冉雪琴，赵星艳，王嘉福，田松军，魏小红

(1.贵州大学动物科学学院，贵阳 550025； 2.贵州大学农业生物工程研究院，贵阳 550025；3.贵州紫云县畜牧兽医局，紫云 550800)

贵州矮马(Equuscaballus)生长激素受体基因5个单核苷酸位点的多态性研究

冉雪琴1*，赵星艳1，王嘉福2，田松军3，魏小红3

(1.贵州大学动物科学学院，贵阳 550025； 2.贵州大学农业生物工程研究院，贵阳 550025；3.贵州紫云县畜牧兽医局，紫云 550800)

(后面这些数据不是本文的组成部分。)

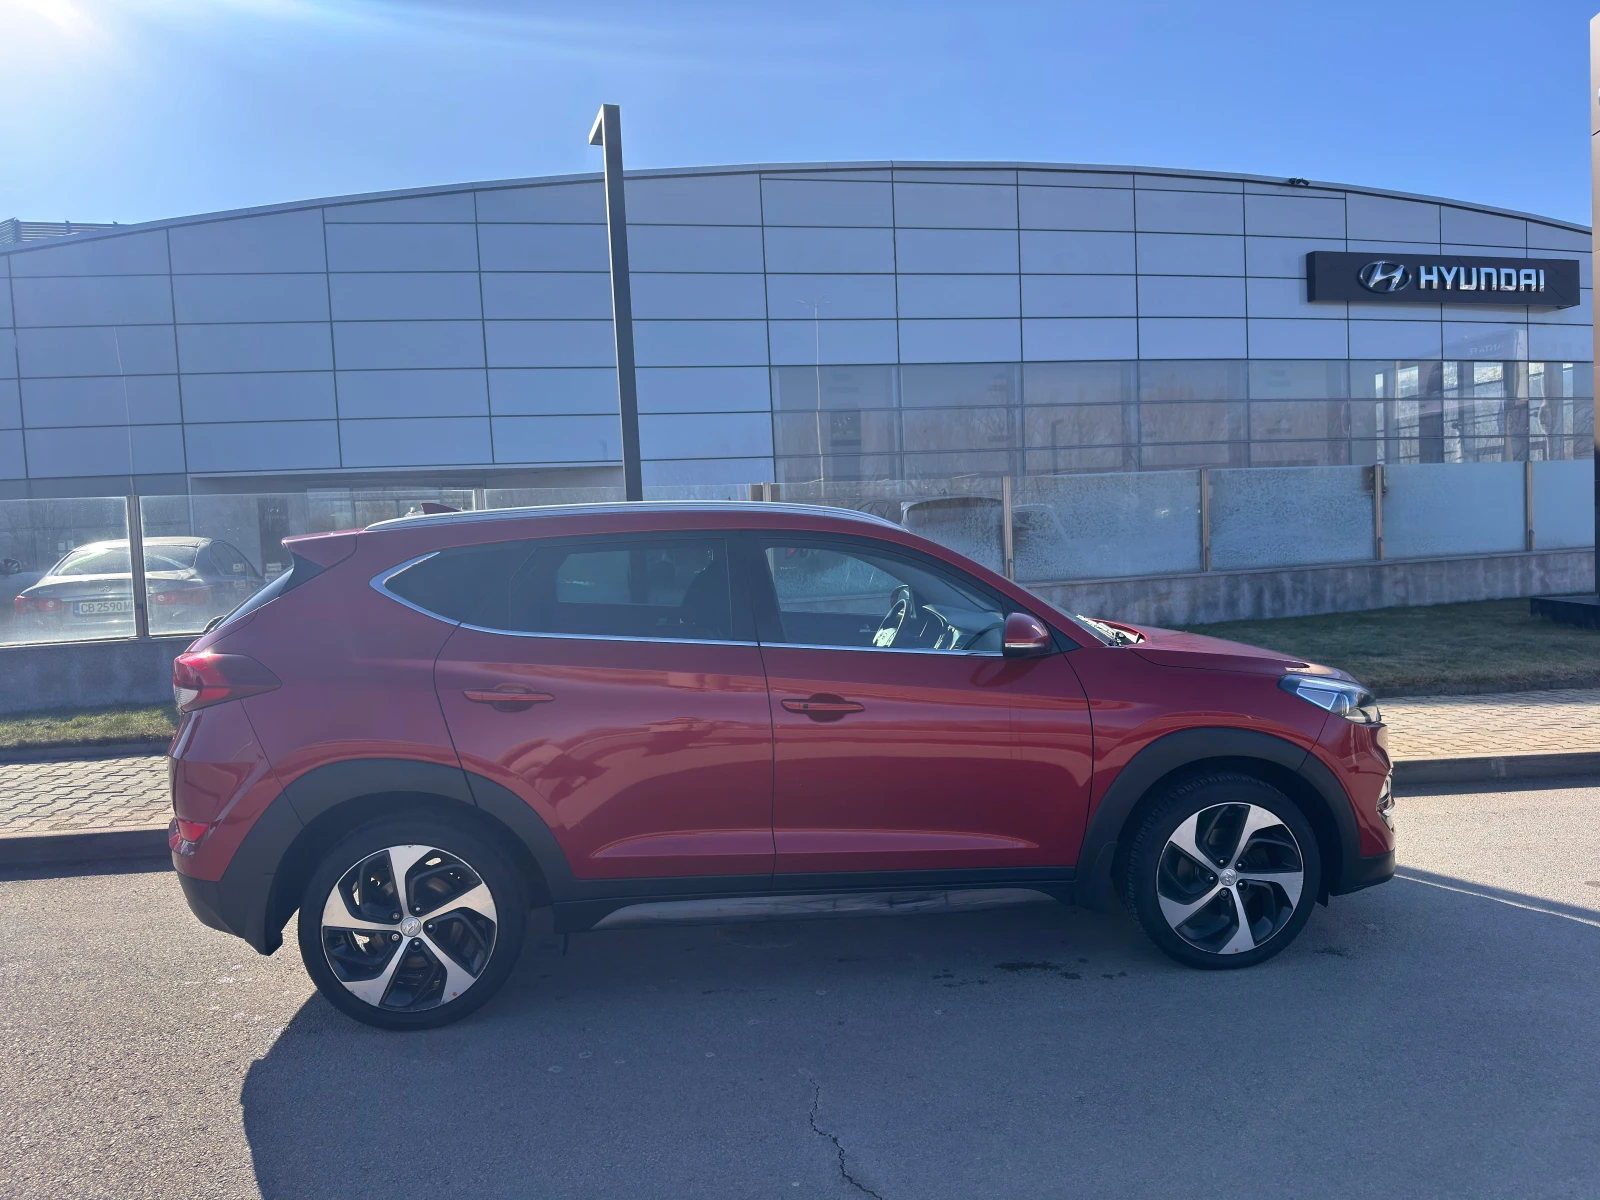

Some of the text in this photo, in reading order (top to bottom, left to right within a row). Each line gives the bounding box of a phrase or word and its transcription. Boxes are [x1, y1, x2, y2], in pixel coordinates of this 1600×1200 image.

[1419, 265, 1545, 292] HYUNDAI
[81, 603, 95, 613] CB
[97, 602, 122, 612] 2590

旨在探究贵州矮马生长慢的根本原因，本研究采用PCR和基因克隆技术测定贵州矮马生长激素受体基因(GHR)外显子10的核苷酸序列；以伊犁马为对照，通过AS-PCR和SSCP方法研究贵州矮马群体中SNP位点的分布频率，应用群体遗传学和生物信息学方法分析基因型与体尺指标间的相关性。结果，从贵州矮马GHR外显子10中得到10个单倍型，包括10个SNPs位点，其中的5个引起氨基酸改变。与伊犁马相比，贵州矮马GHR基因1028位点的A等位基因占优势，对应较低的尻高和较粗的管围；1471位点的E等位基因在贵州矮马群体中分布较多，与胸围率较高相关；1697和1732两个位点的杂合型存在于最矮的雄性矮马(6岁)GHR基因中。1028位点引起的V343A位于UbE结构域中，1471、1697和1732位点引起的S491G、Y566C和R578G改变与GHR蛋白的磷酸化有关。这4个位点可能影响GHR的内化作用或通过磷酸化途径影响细胞内的信号传导效率。研究结果提示，贵州矮马GHR基因外显子10中的多态性变化可能影响贵州矮马的生长发育。

贵州矮马；生长激素受体基因；外显子10；SNP

动物个体的生长和糖、脂、蛋白等代谢主要受生长激素(Growth hormone，GH)的控制。GH由腺垂体合成，与生长激素受体(Growth hormone receptor，GHR)结合发挥促生长作用。GHR为穿膜一次的糖蛋白，由638个氨基酸组成，包含3个结构域，即位于胞外的配体结合结构域、穿膜结构域及胞内的胞质结构域。1个GH刺激2个GHR分子形成二聚体[1]，通过GHR的胞质结构域启动细胞内的JAK/Stat、PI3K、MSAP等信号途径，刺激胰岛素样生长因子(Insulin-like growth factors，IGFs)、转录因子、代谢相关酶类的合成，实现GH的促生长作用[2]。GHR属于1型细胞因子受体家族(Cytokine receptor family type 1)，几乎在各个组织中表达，肝和脂肪细胞中的表达量较高[3-4]。已知纯血马(Thoroughbred)的GHR基因长244 757 bp(NCBI No.：NW_001867391)，位于21号染色体长臂23 836 204～ 24 080 960 bp区域，经可变剪接产生两个转录本X1和X2，转录本X1长4 048 bp(XM_001498656)，编码638 aa；转录本X2(XM_005604292)长3 970 bp，编码646 aa，两种转录本的外显子2～10完全一样。外显子2编码信号肽；外显子3～7编码胞外区，外显子8编码穿膜结构域，外显子9和10编码胞内区，外显子10最长为2 992 bp，编码323 aa，约占GHR胞内结构域的90%[5]。人GHR基因中存在丰富的SNP位点，是出生前后生长和代谢出现明显个体差异的原因之一，人类基因突变数据库(http：//www.hgmd.cf.ac.uk/ac/gene.php?gene=GHR)记录了GHR基因中90个突变与人特发性身材矮小、Laron综合征、严重的生长障碍等有关。GHR基因的多态性与鸡的性连锁矮小[6]、肉牛的生长[7]和奶牛的产奶量等性状有关[8]。目前，对马GHR基因中的SNP知之甚少。贵州矮马长期生活在贵州山区环境中，是中国矮马中5个分支之一[9]。与普通马相比[10]，贵州矮马明显较矮，但身体各部分的比例协调。贵州矮马的体型特点与人类的特发性矮小有一定的相似性。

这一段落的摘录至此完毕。